This volume contains the proceedings of the conference on Advances in Quantum Dynamics. The purpose of the conference was to assess the current state of knowledge and to outline future research directions of quantum dynamical semigroups on von Neumann algebras.

Since the appearance of the landmark papers by F. Murray and J. von Neumann, On the Rings of Operators, von Neumann algebras have been used as a mathematical model in the study of time evolution of quantum mechanical systems. Following the work of M. H. Stone, von Neumann, and others on the structure of one-parameter groups of unitary transformations, many researchers have made fundamental contributions to the understanding of time-reversible dynamical systems. This book deals with the mathematics of time-irreversible systems, also called dissipative systems. The time parameter is the half-line, and the transformations are now endomorphisms as opposed to automorphisms.

For over a decade, W. B. Arveson and R. T. Powers have pioneered the effort to understand the structure of irreversible quantum dynamical systems on von Neumann algebras. Their papers in this volume serve as an excellent introduction to the theory.
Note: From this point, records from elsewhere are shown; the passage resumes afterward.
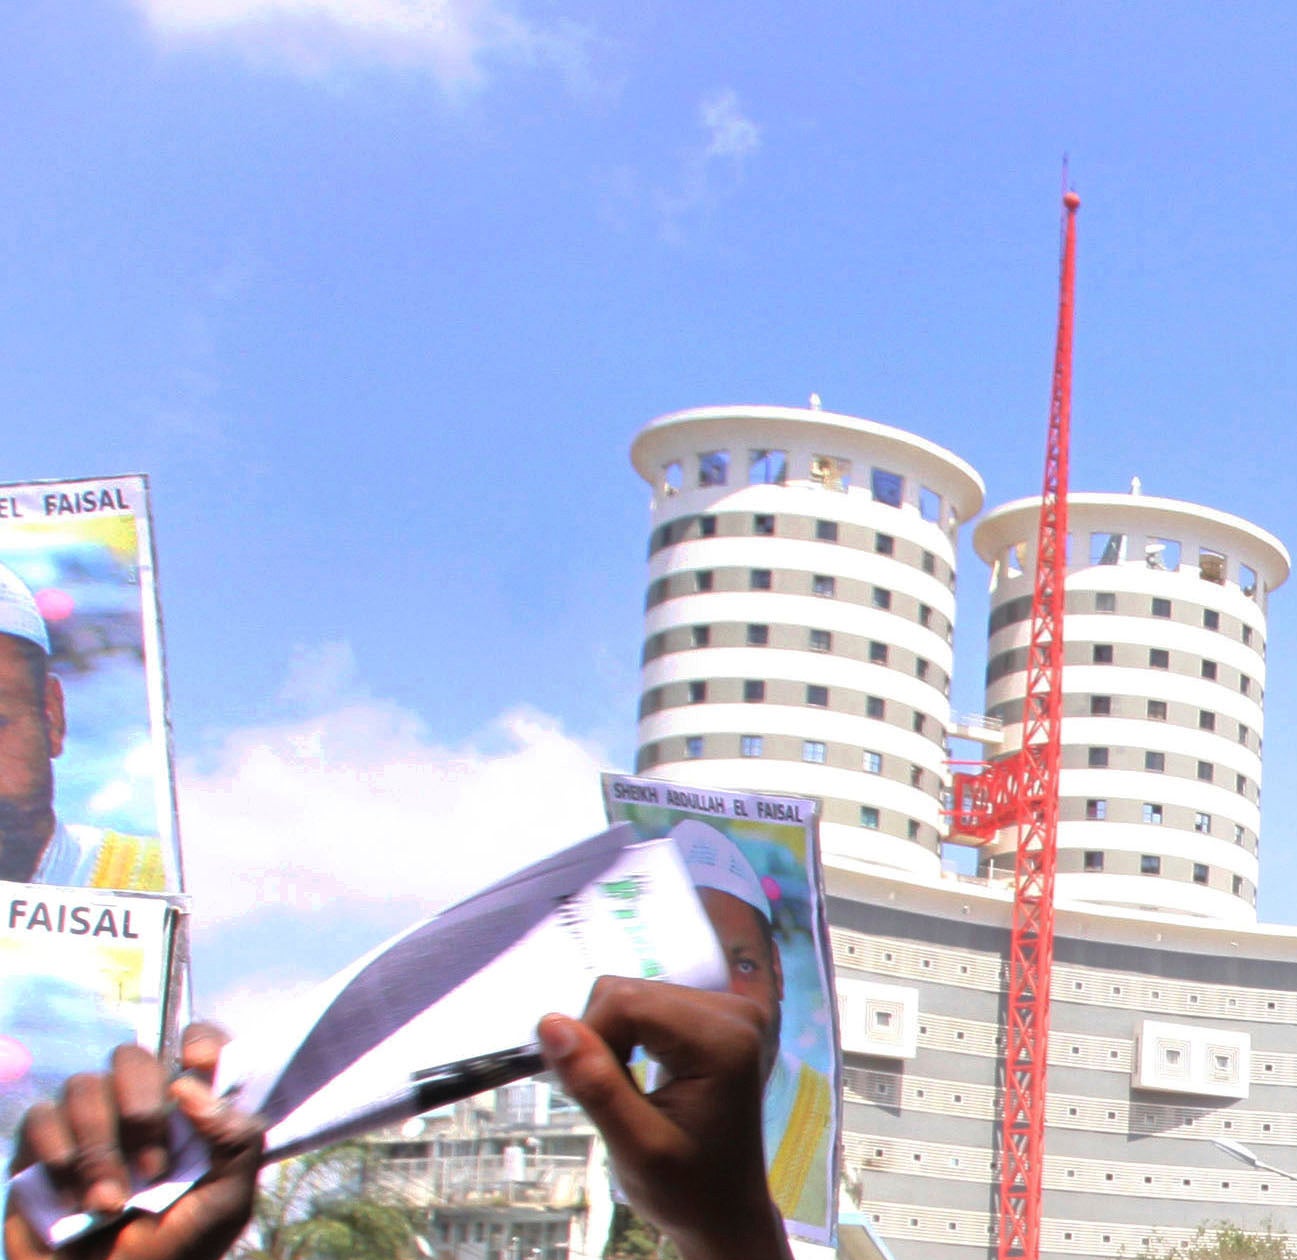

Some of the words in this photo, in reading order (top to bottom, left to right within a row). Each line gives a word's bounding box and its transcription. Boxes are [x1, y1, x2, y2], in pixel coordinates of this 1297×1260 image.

[43, 487, 130, 516] FAISAL
[614, 783, 658, 803] SHEIKH
[667, 789, 725, 813] ABDULLAH
[734, 799, 748, 816] EL
[757, 801, 803, 823] FAISAL
[9, 899, 139, 939] FAISAL
Also included are contributions in other areas which have had an impact on the theory, such as Brownian motion, dilation theory, quantum probability, and free probability.

The volume is suitable for graduate students and research mathematicians interested in the dynamics of quantum systems and corresponding topics in the theory of operator algebras.
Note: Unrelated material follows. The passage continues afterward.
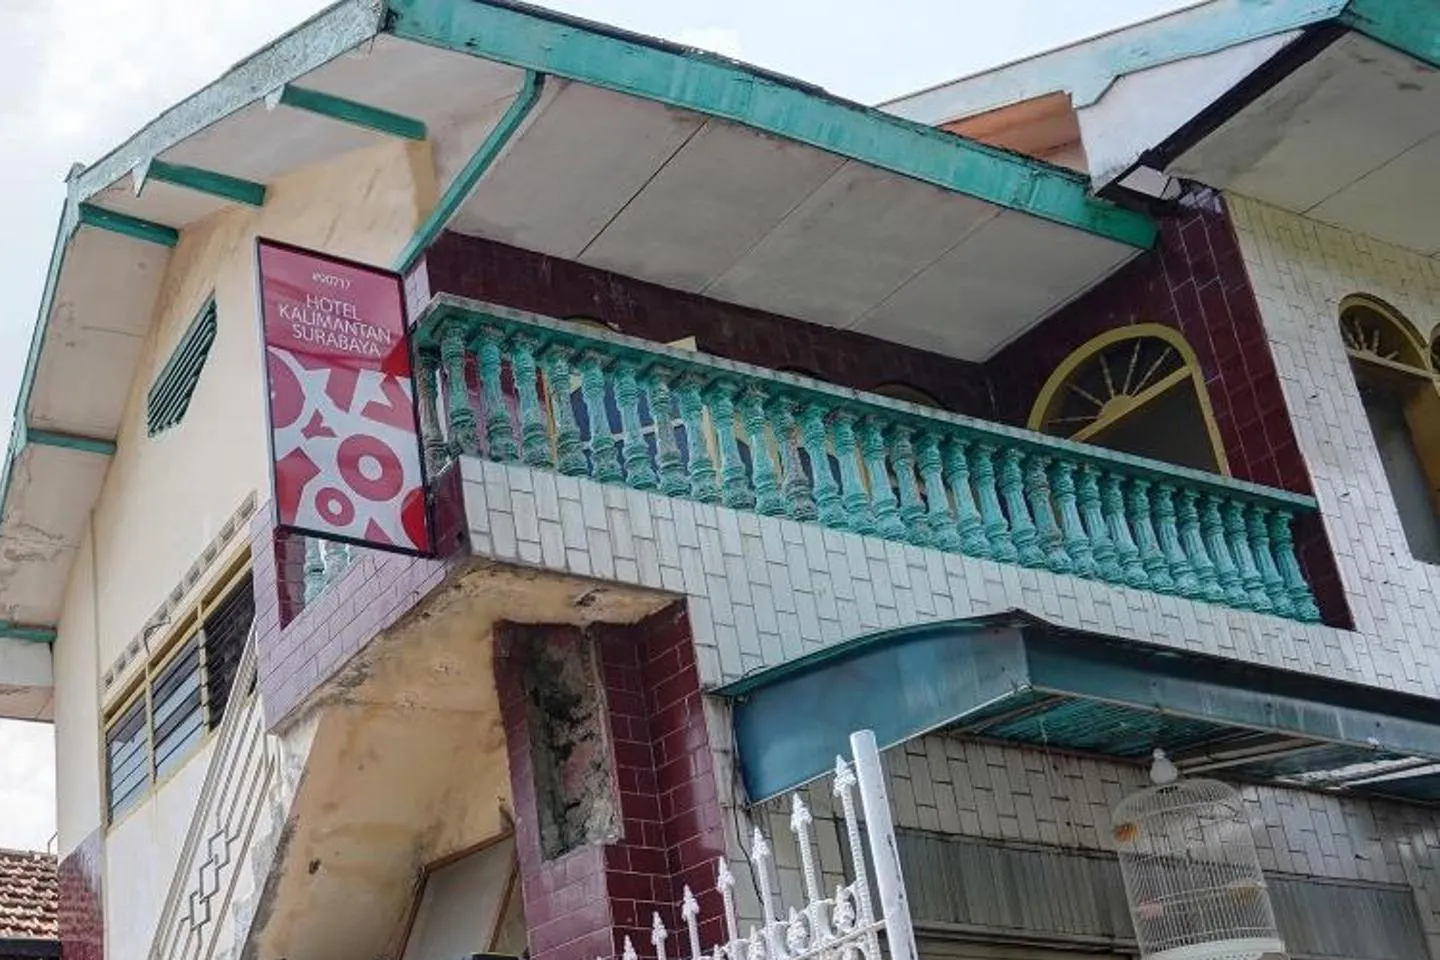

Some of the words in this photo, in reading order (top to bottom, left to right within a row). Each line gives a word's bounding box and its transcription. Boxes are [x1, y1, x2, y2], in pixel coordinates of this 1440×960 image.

[306, 293, 361, 320] HOTEL
[278, 304, 391, 344] KALIMANTAN
[292, 324, 381, 357] SURABAYA
Graduate students and research mathematicians interested in the dynamics of quantum systems and corresponding topics in the theory of operator algebras.
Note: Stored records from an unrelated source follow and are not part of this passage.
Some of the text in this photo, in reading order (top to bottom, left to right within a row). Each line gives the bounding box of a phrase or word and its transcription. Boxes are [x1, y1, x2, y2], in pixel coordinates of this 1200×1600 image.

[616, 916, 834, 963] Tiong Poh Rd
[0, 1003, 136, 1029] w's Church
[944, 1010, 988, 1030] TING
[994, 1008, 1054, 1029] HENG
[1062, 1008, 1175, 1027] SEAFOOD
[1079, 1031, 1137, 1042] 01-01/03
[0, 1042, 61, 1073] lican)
• W. Arveson -- Four lectures on noncommutative dynamics
• R. T. Powers -- Construction of $$E_0$$-semigroups of $$\mathfrak B(\mathfrak h)$$ from $$CP$$-flows
• B. V. R. Bhat -- Atomic dilations
• F. Cipriani and J.-L. Sauvageot -- Strong solutions to the Dirichlet problem for differential forms: A quantum dynamical semigroup approach
• D. E. Evans and P. R. Pinto -- Modular invariants and their fusion rules
• R. Floricel -- A decomposition of $$E_0$$-semigroups
• R. Gohm -- A duality between extension and dilation
• I. Hirshberg and J. Zacharias -- On the structure of spectral algebras and their generalizations
• Y. Katayama and M. Takesaki -- Outer actions of a countable discrete amenable group on an AFD factor
• T. Katsura -- A construction of $$C^*$$-algebras from $$C^*$$-correspondences
• Y. Kawahigashi -- Classification of operator algebraic conformal field theories
• A. Kishimoto -- Rohlin property for flows
• C. Köstler -- Survey on a quantum stochastic extension of Stone's theorem
• D. Markiewicz -- Quantized convolution semigroups
• P. S. Muhly and B. Solel -- A model for quantum Markov semigroups
• T. Oikhberg, H. P. Rosenthal, and E. Størmer -- A predual characterization of semi-finite von Neumann algebras
• S. Sakai -- Pure states on $$C^*$$-algebras
• M. Skeide -- Commutants of von Neumann modules, representations of $$\mathcal{B}^a(E)$$ and other topics related to product systems of Hilbert modules
• R. Speicher -- Non-commutative Brownian motions
• B. Tsirelson -- Non-isomorphic product systems